HOW TO COMPLETE THIS TASK = Leaving out pictures, output exactly the lines below from the one that has "this 1280×1280 image." through the one that has "this 1600×739 image.", and nothing else.

WORKING DATA =

=-=-=

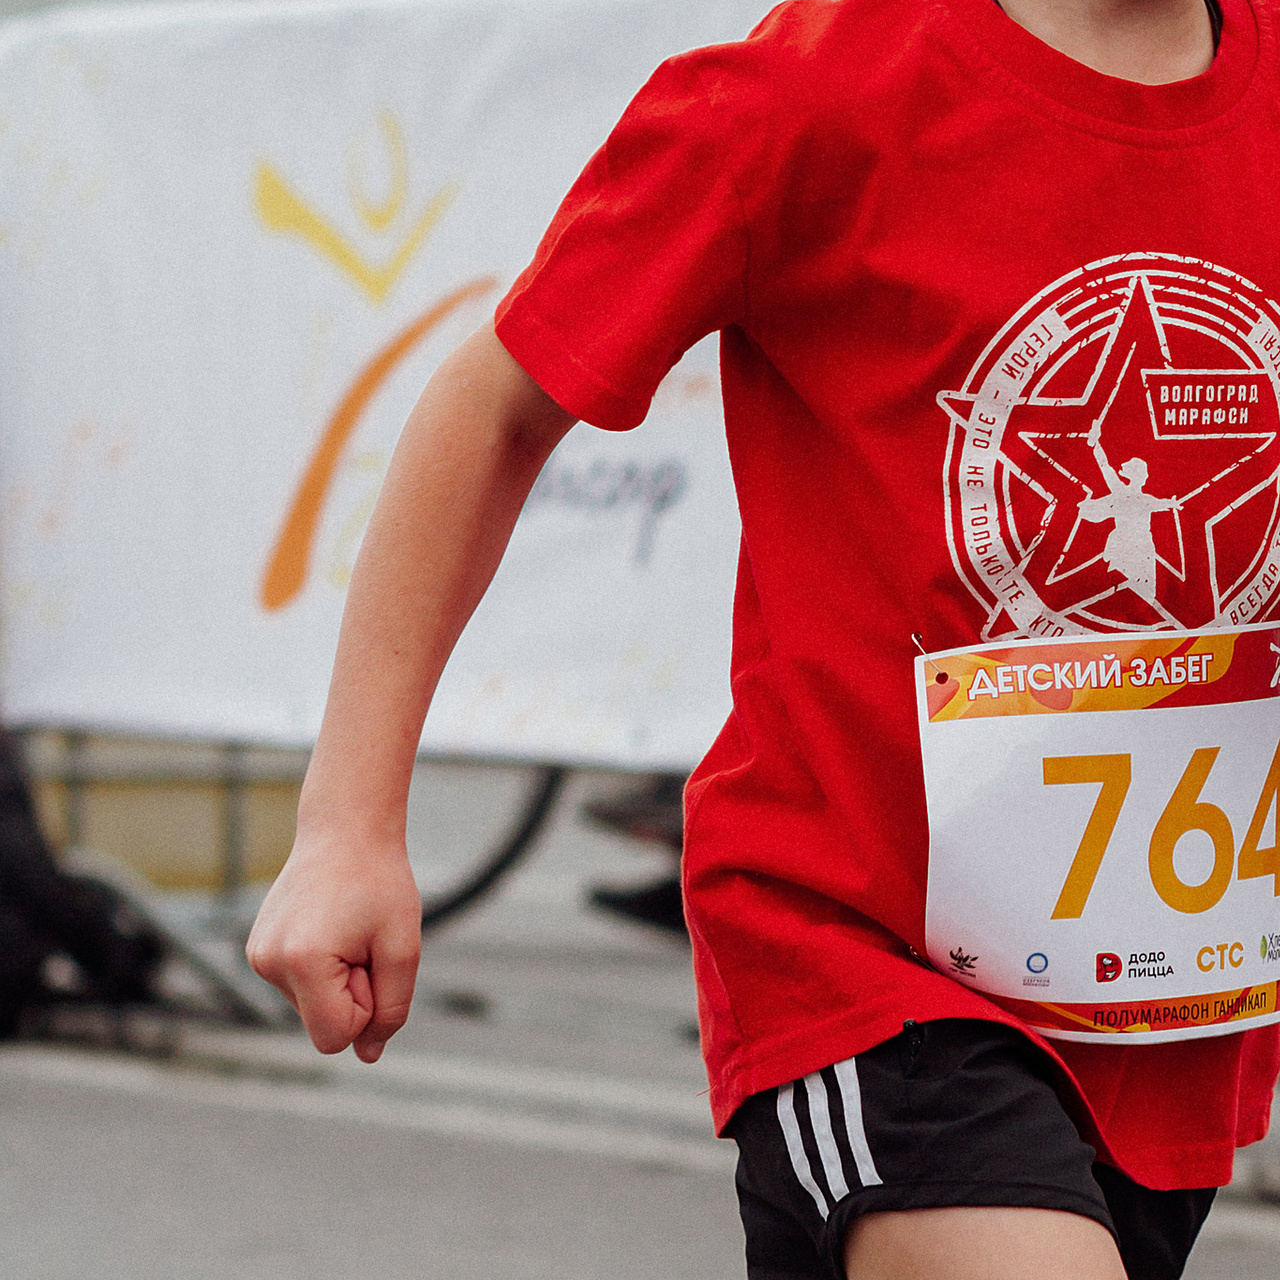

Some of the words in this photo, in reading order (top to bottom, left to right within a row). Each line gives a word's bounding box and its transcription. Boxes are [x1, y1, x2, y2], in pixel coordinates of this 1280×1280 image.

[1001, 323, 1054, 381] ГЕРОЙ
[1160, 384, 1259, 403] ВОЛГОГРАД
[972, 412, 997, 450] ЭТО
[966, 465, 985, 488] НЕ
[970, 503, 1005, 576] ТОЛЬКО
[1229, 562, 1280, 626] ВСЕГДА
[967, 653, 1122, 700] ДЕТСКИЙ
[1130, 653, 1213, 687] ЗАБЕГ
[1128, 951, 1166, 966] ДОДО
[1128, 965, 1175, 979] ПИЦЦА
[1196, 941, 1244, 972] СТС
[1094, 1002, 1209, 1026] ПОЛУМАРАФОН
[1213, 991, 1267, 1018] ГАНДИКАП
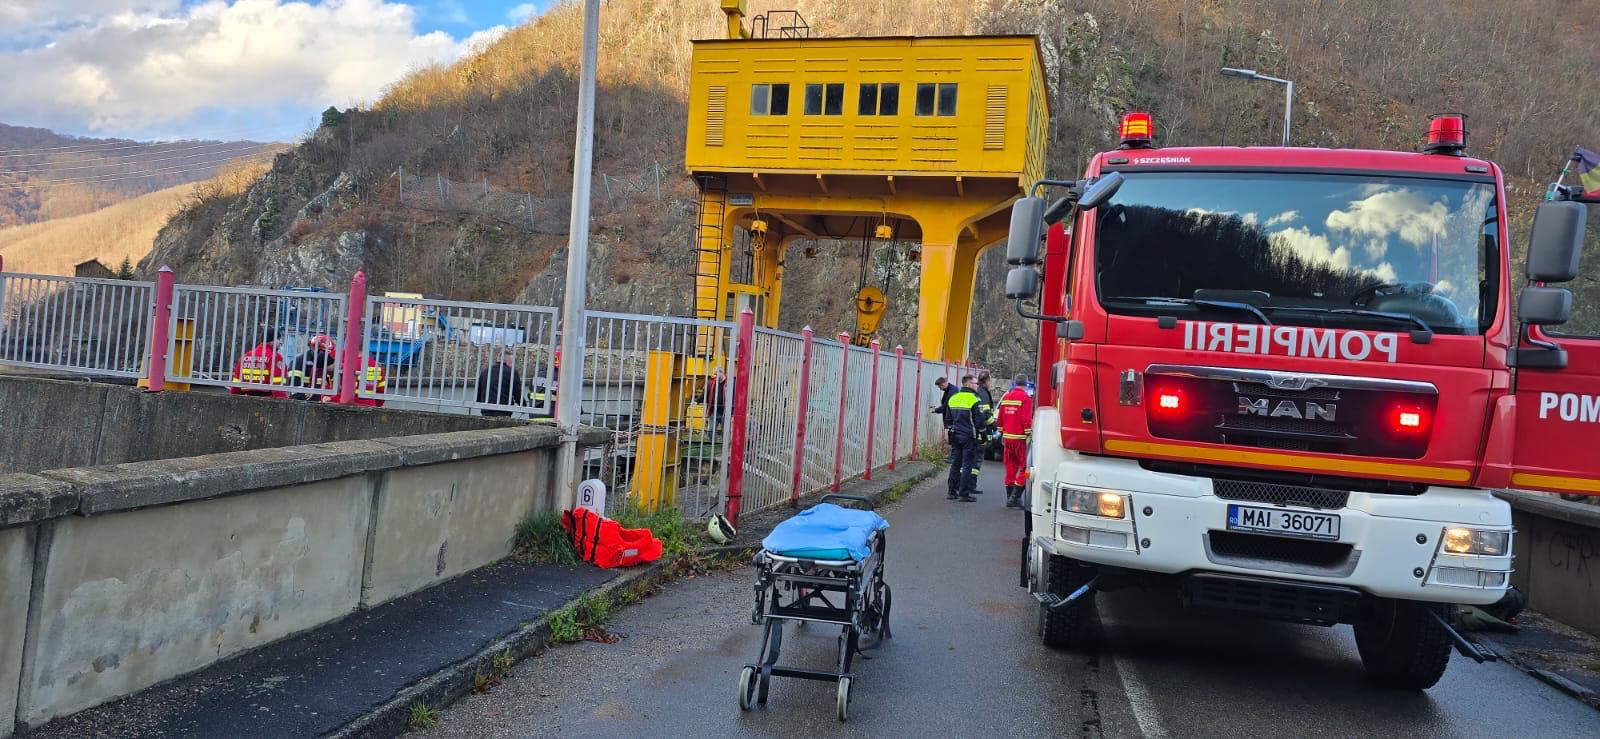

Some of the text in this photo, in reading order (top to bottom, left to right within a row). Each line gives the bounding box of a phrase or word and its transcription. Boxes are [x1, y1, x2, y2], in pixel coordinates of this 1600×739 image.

=-=-=

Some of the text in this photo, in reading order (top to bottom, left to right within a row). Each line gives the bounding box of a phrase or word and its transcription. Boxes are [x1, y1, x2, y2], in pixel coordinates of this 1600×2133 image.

=-=-=

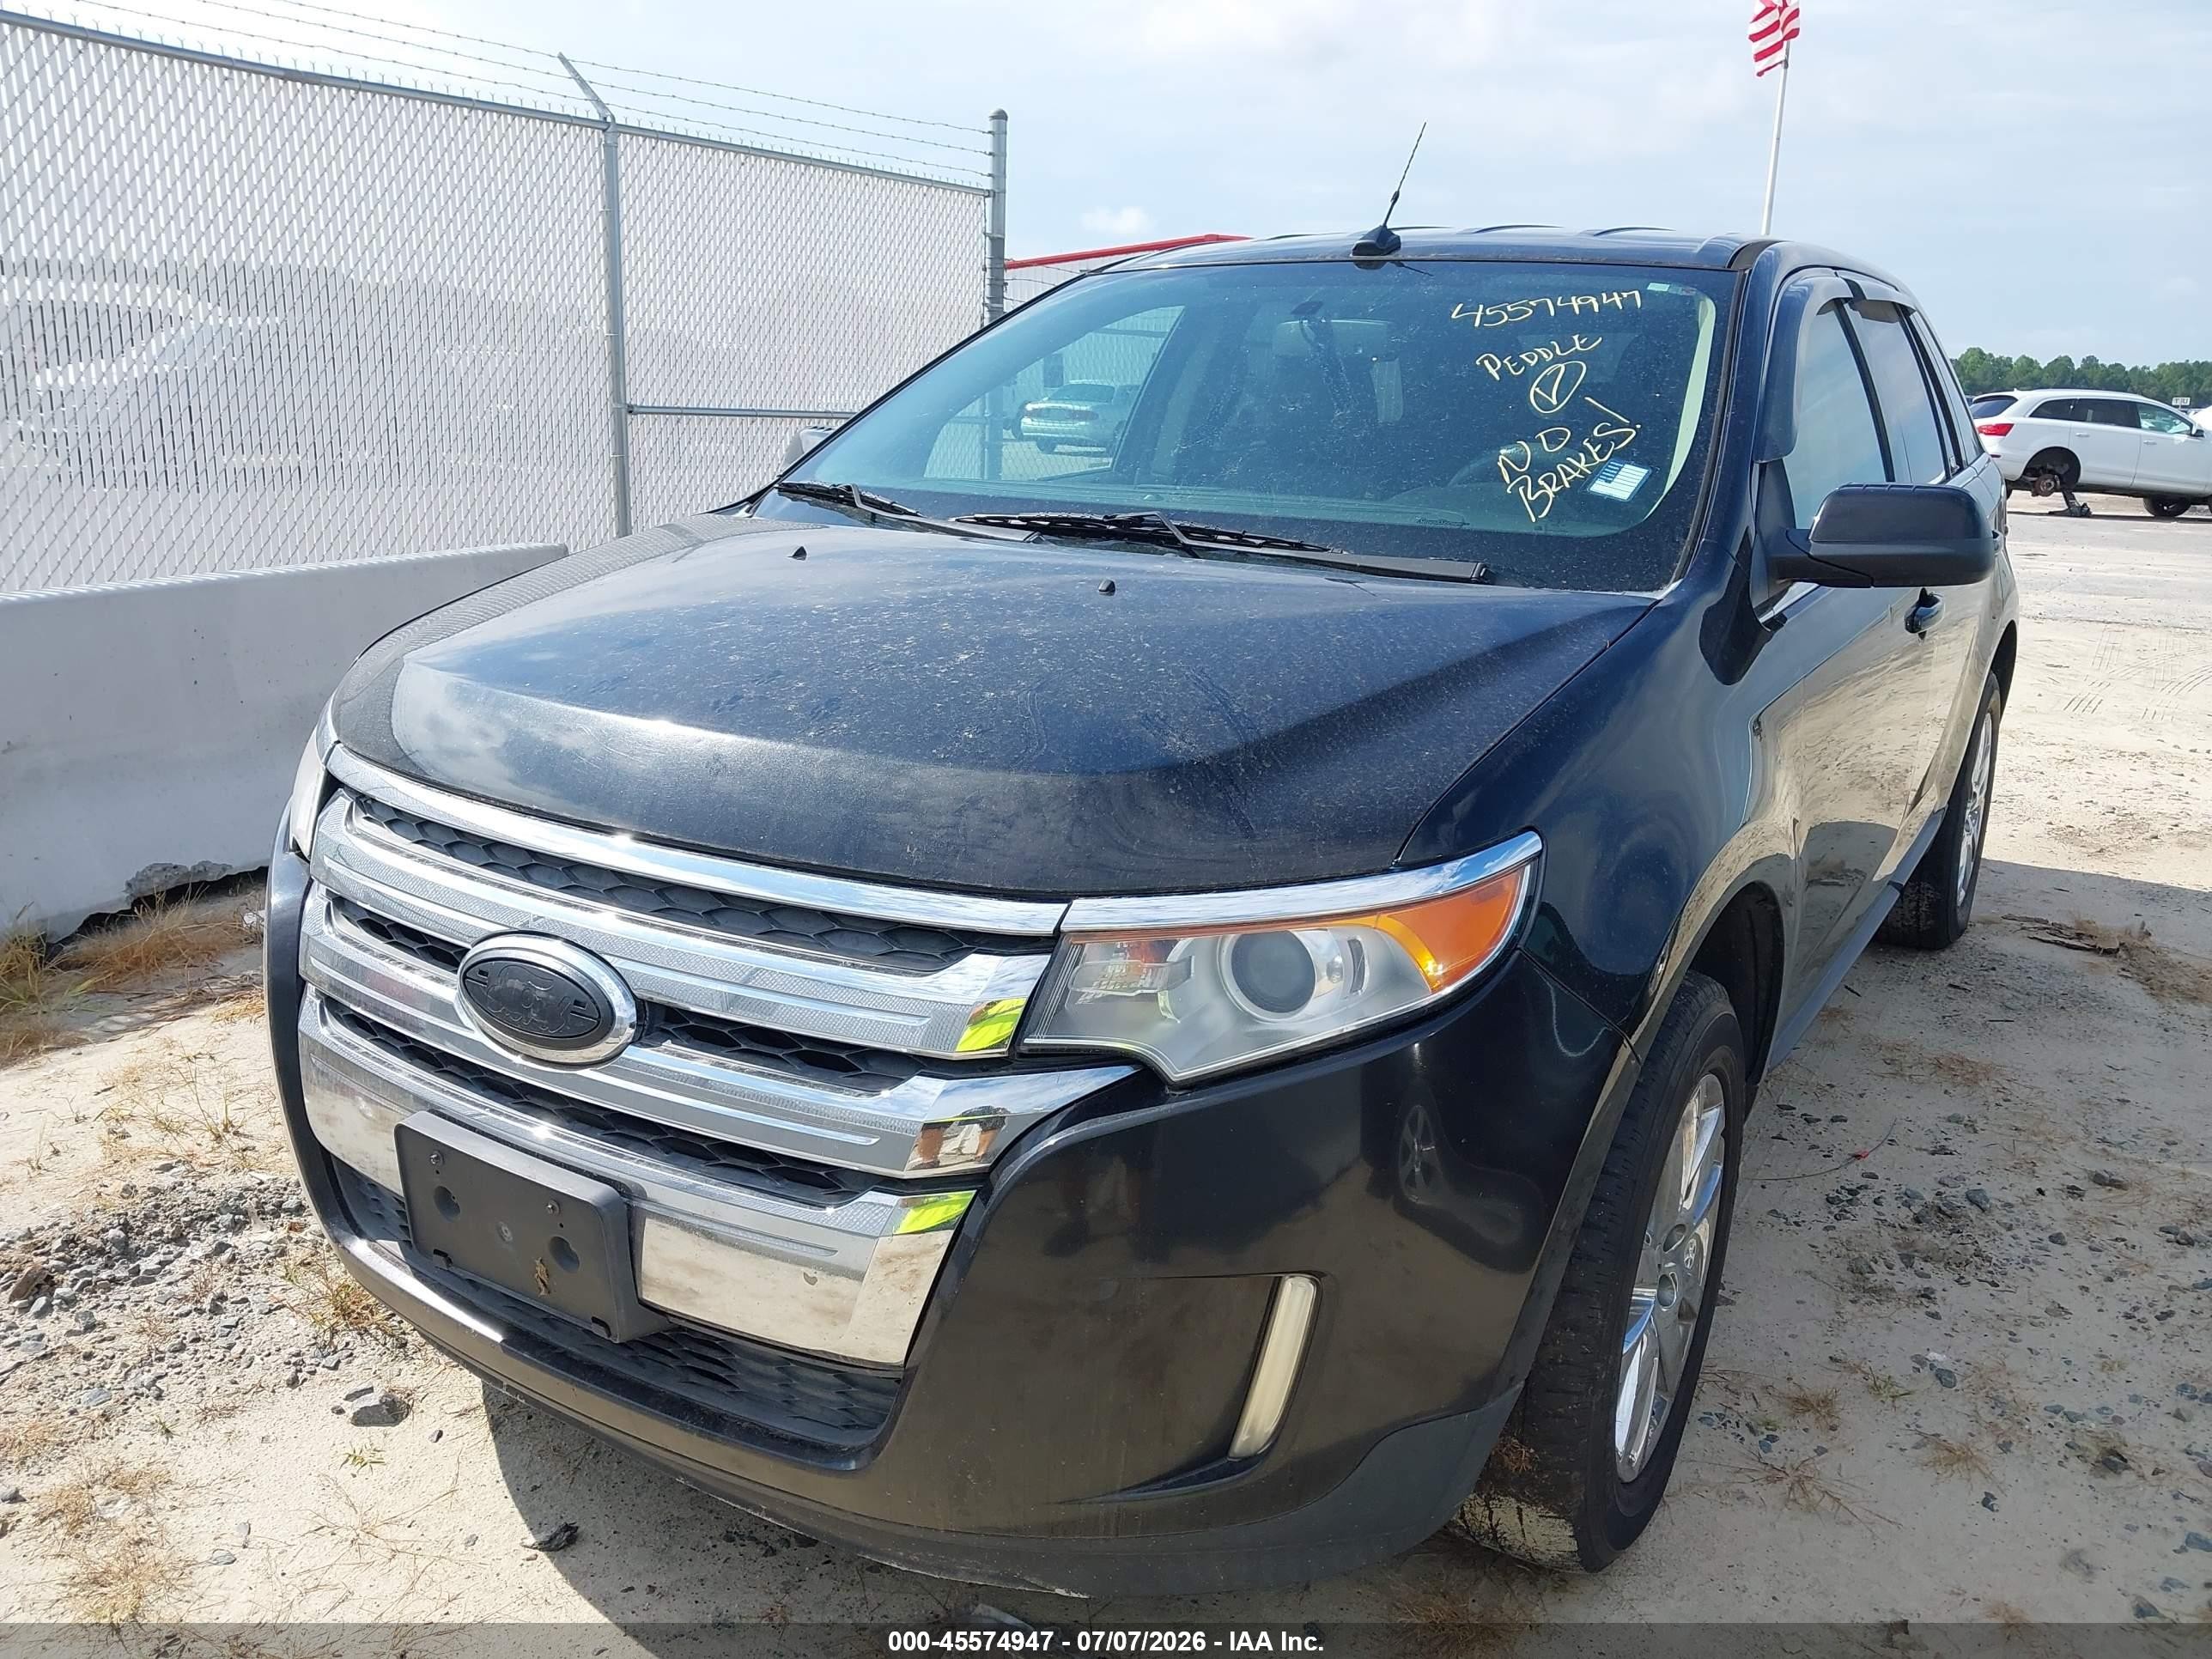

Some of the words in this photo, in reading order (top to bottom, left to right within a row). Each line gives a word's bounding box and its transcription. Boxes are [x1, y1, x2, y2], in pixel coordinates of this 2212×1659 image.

=-=-=

SOLUTION =
Some of the words in this photo, in reading order (top to bottom, left to right within a row). Each line gives a word's bounding box and its transcription. Boxes are [x1, y1, x2, y2], in pixel coordinates of this 1280×1280 image.

[1001, 323, 1054, 381] ГЕРОЙ
[1160, 384, 1259, 403] ВОЛГОГРАД
[972, 412, 997, 450] ЭТО
[966, 465, 985, 488] НЕ
[970, 503, 1005, 576] ТОЛЬКО
[1229, 562, 1280, 626] ВСЕГДА
[967, 653, 1122, 700] ДЕТСКИЙ
[1130, 653, 1213, 687] ЗАБЕГ
[1128, 951, 1166, 966] ДОДО
[1128, 965, 1175, 979] ПИЦЦА
[1196, 941, 1244, 972] СТС
[1094, 1002, 1209, 1026] ПОЛУМАРАФОН
[1213, 991, 1267, 1018] ГАНДИКАП

Some of the text in this photo, in reading order (top to bottom, left to right within a row). Each line gives the bounding box of a phrase or word and its transcription. Boxes are [x1, y1, x2, y2], in pixel coordinates of this 1600×739 image.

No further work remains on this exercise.